I won’t say I don’t get desperate and want to so badly but it’s never going to happen because it can’t anyway. It’s just a siren song inside, but I always, always fight off the lure one way or another.
Even last friday — I didn’t try calling that number because I was actively anything other than just wanting to hear a voice, latch onto something other than what was going on in my body and my head, and the website said that was okay.
My doctor appointment is this afternoon. Wish me luck. He’s going to be upset already because I haven’t scheduled an appointment with a specialist that he wanted me to already. But I don’t care.
And that’s maybe the bigger risk, that I don’t care right now if something is wrong. I just don’t. I’m not willing to do it. I can’t.

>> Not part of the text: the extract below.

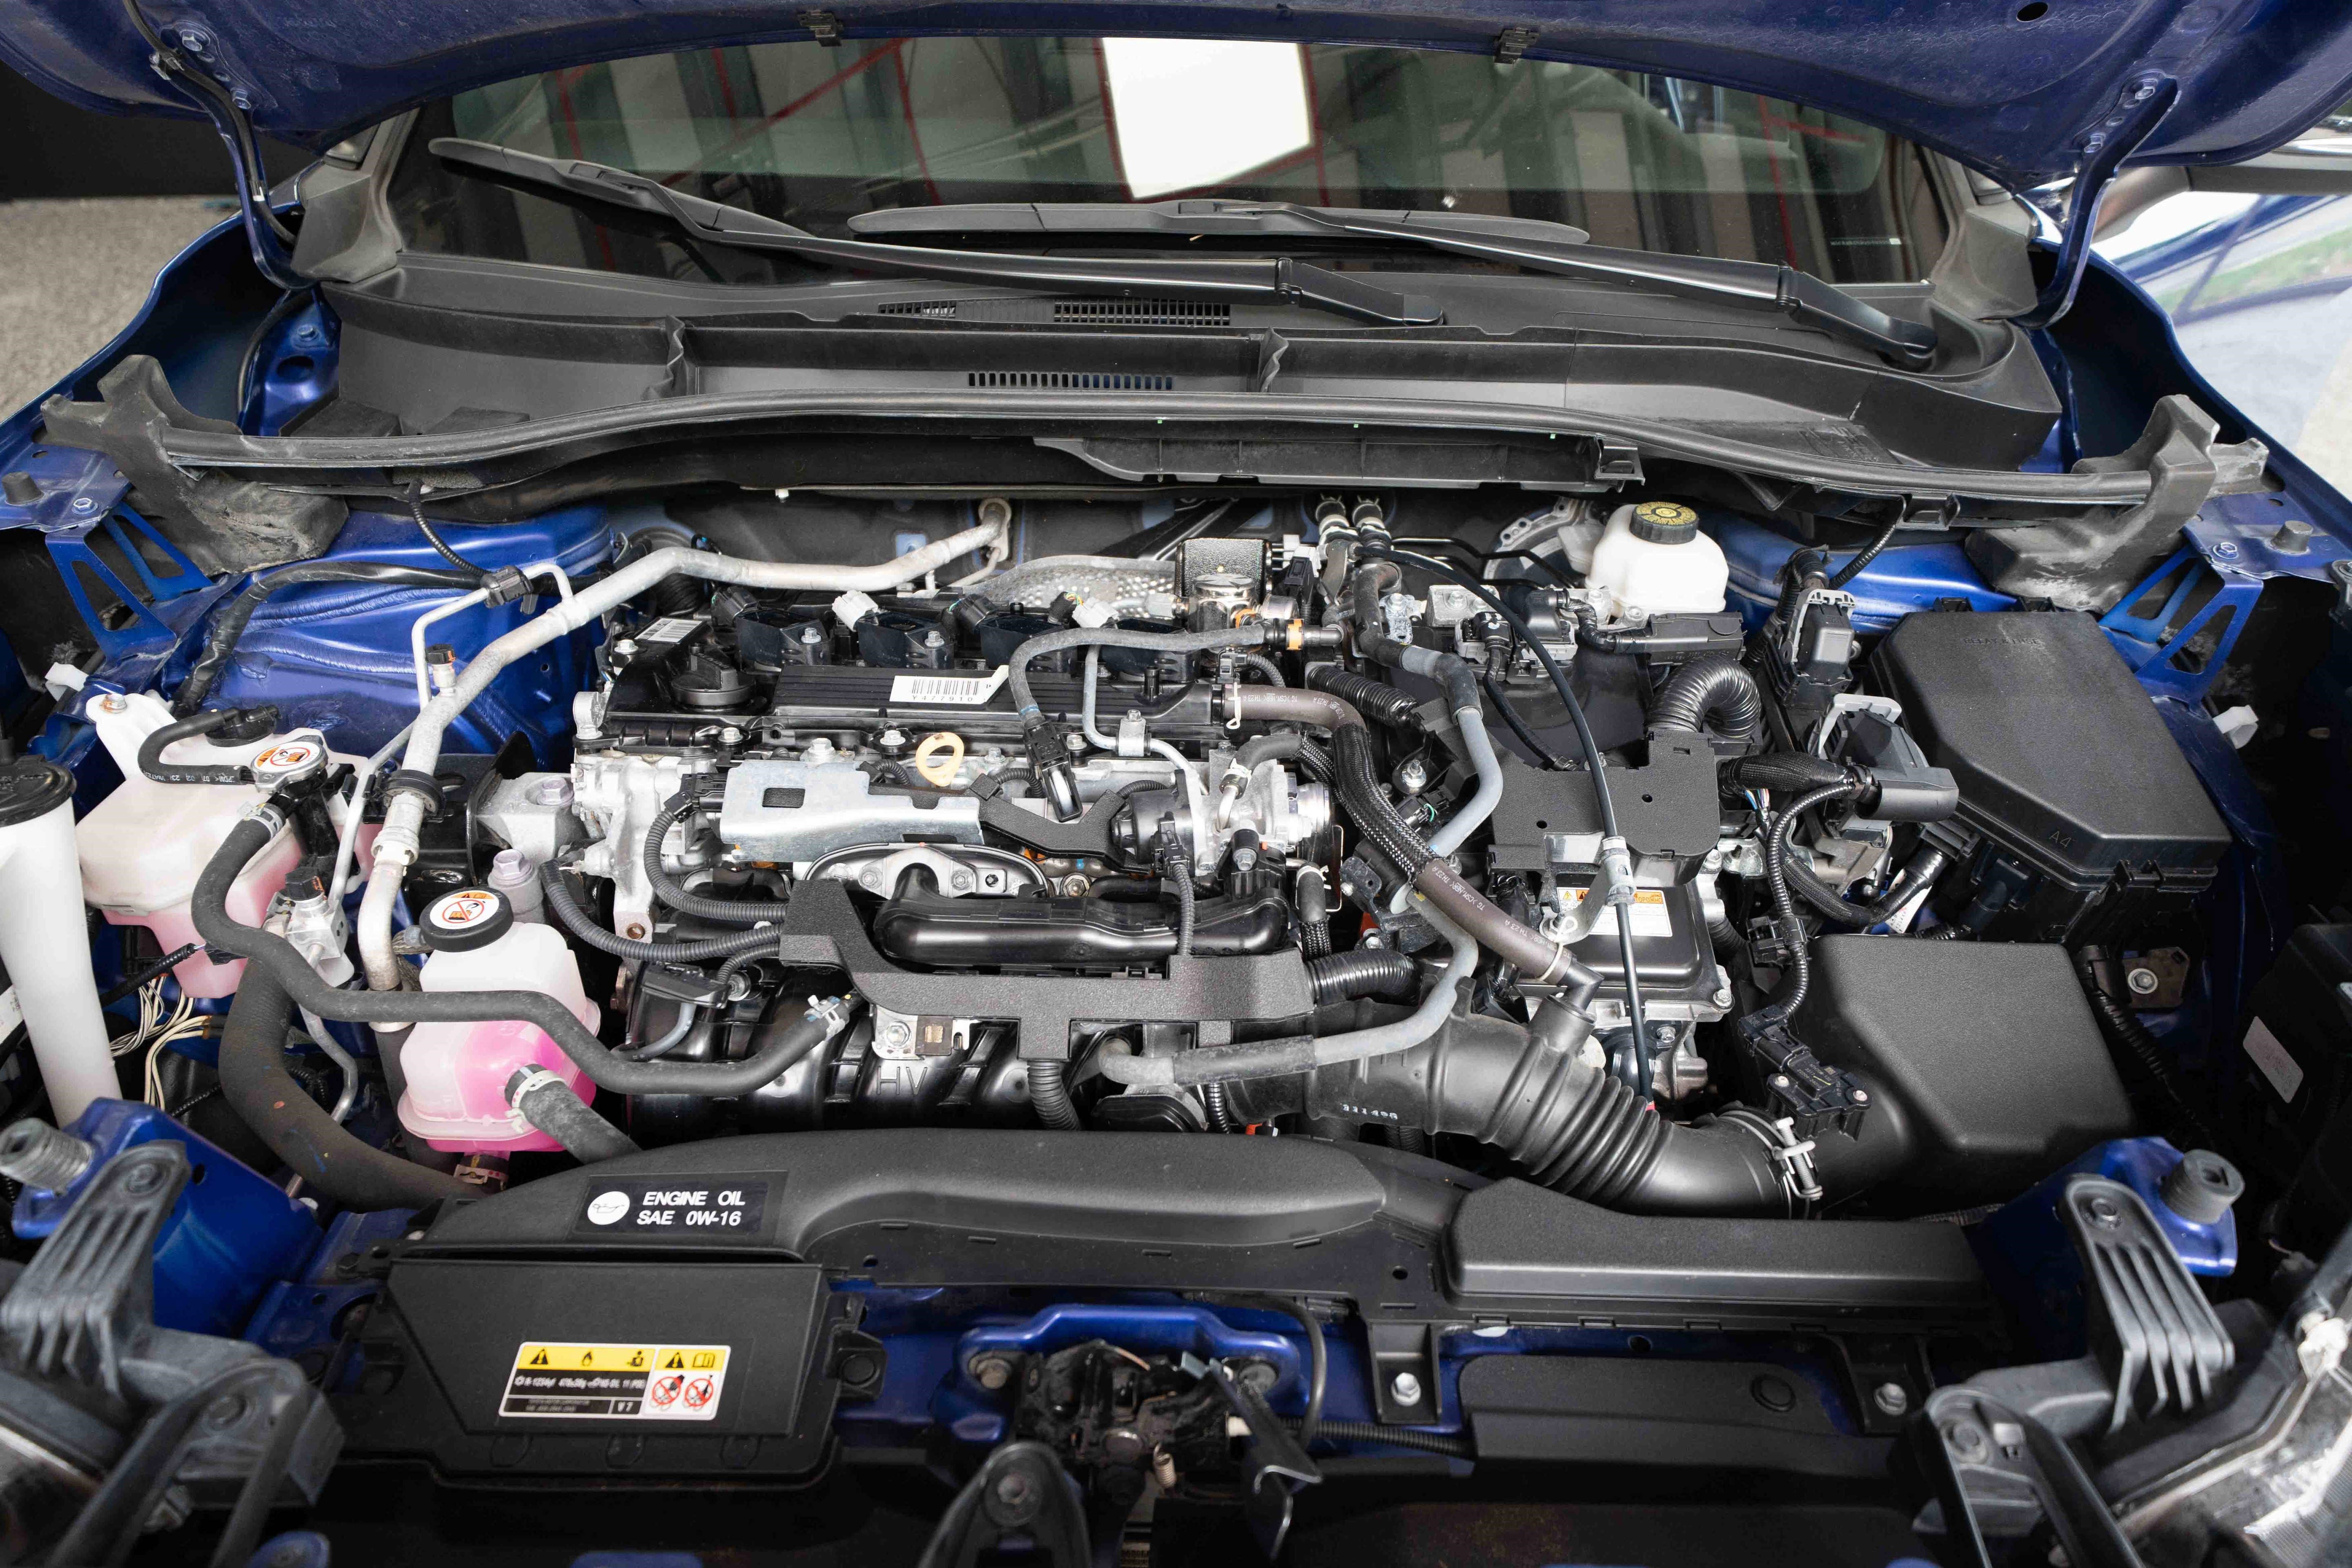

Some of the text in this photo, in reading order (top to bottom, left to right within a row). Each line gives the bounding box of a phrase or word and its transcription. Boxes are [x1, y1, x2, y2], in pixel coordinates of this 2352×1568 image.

[876, 1065, 927, 1096] HV
[643, 1190, 746, 1205] ENGINE OIL
[637, 1210, 742, 1226] SAE 0W-16

I would love if Laura facilitates our connection — facebook and/or email, either is fine with me. Although I will say, my facebook tends to be very surface — so yesterday I posted my first “thing” in days — if I’m struggling, I mostly just go dark on facebook, don’t post at all. Or I get super snarky/humorous and fling a bunch of funny posts at the world.
Then again, the fact that I re-engaged with the facebook world is a positive sign, so there’s always that, right?
Thank you for your concern and offer to connect.
Sometimes all I want is to have someone who can hold some space for me. This is lovely, thank you.
Inspirational. Brilliant. Holding space. I have never heard of this but I love it.
“We all need to find our way on our own terms and in our own time. Healing, like grief, isn’t linear. It isn’t efficient. It takes the time it takes.”
Yes. And thank God we all have each other.
Holding place!! Such a beautiful thing. That is SO Glennon and I can now find this peacefulness in your postings, too. Love you guys!! All of YOU!!
I love this. It resonated so deeply with me. Having people hold space for me is one of the most comforting things there is.
I am part of the second community… finally sharing my story so others can heal. I can hold space for you.